King Arthur: Legend of the Sword, USA, 2017 – di Guy Ritchie con Charlie Hunnam, Jude Law, Astrid Bergès-Frisbey, Djimon Hounsou, Aidan Gillen, Eric Bana, Freddie Fox, Annabelle Wallis
Dopo avere reinventato Sherlock Holmes (in un dittico, per il momento), Guy Ritchie mantiene l’acceleratore premuto nel riscrivere (insieme a Joby Harold e Lionel Wigram) un altro personaggio mitico, King Arthur, in quella che ha tutta l’aria di voler diventare – se il successo le arriderà – un’origin story.
Lo stile, dicevamo, resta frenetico, adrenalinico, saltabeccante (grazie al montaggio complice di James Herbert, che si serve di flashback alquanto ingegnosi), colmo di azioni spettacolari coreografate con perizia. Tale bulimia visiva richiede grande attenzione (o addirittura una seconda visione) da parte del pubblico, e scatena il sospetto che dietro tanta abbondanza di artifizi la sostanza, in realtà, sia poca.

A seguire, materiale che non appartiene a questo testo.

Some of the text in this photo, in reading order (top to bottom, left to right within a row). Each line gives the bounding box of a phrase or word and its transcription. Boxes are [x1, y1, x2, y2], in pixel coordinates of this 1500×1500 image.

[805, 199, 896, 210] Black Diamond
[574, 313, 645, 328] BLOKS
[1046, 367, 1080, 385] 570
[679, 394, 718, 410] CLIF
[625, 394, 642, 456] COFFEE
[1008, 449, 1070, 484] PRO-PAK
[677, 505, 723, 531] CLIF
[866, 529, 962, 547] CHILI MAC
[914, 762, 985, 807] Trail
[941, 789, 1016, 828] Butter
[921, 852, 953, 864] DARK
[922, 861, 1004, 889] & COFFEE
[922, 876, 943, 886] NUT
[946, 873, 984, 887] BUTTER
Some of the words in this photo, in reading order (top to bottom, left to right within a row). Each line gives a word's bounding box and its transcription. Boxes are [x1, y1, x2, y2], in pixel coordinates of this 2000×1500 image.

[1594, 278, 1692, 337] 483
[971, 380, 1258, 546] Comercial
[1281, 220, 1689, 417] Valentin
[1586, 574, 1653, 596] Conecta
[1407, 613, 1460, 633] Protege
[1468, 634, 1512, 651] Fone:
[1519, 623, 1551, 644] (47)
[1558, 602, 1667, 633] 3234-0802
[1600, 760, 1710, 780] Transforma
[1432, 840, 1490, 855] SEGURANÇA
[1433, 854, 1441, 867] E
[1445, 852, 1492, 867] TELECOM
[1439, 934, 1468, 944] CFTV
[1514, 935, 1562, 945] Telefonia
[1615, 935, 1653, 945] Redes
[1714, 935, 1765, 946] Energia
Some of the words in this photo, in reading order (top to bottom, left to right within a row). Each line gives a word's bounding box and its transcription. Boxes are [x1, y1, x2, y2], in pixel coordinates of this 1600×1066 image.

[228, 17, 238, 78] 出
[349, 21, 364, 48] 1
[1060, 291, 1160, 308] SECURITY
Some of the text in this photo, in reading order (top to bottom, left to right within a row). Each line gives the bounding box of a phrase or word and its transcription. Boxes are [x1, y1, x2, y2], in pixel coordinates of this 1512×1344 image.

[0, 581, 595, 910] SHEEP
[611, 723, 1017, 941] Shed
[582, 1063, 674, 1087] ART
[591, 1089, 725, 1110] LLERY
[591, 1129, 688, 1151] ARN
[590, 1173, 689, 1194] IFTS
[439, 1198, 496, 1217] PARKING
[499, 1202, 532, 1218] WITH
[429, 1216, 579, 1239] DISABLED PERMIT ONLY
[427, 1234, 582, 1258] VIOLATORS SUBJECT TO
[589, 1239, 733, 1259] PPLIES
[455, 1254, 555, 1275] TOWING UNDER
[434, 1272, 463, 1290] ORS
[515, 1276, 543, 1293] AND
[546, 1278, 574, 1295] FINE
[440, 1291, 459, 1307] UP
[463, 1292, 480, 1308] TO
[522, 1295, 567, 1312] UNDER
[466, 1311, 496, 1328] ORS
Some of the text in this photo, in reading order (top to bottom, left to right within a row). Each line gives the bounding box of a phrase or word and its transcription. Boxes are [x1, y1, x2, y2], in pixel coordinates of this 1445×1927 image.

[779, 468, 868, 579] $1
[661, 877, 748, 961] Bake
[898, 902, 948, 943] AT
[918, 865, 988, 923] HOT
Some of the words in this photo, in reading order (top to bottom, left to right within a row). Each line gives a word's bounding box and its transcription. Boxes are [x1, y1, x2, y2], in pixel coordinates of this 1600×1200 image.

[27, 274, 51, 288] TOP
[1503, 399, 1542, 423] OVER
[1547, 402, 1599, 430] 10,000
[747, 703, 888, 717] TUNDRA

Tuttavia, ci troviamo di fronte a uno di quei rari casi in cui non è necessario essere particolarmente esigenti: la fruizione, in un certo senso impegnativa, ripaga. Merito di idee alla fin fine divertenti, di un “eroe eroico” (incarnato da Charlie Hunnam) in vena di spacconate, inopinatamente predestinato al trono e perciò avversato da colui che lo usurpò, lo zio Vortigern (un velenoso Jude Law), e di una confezione professionale votata all’intrattenimento puro.
Se ci fosse stata qualche calibratura in più, staremmo parlando di un film da non perdere. Ben scelti i comprimari, dalla maga Astrid Bergès-Frisbey (vista nell’italiano Alaska) al roccioso combattente Djimon Hounsou, per arrivare al nobile padre Eric Bana. Particina negativa per il calciatore David Beckham.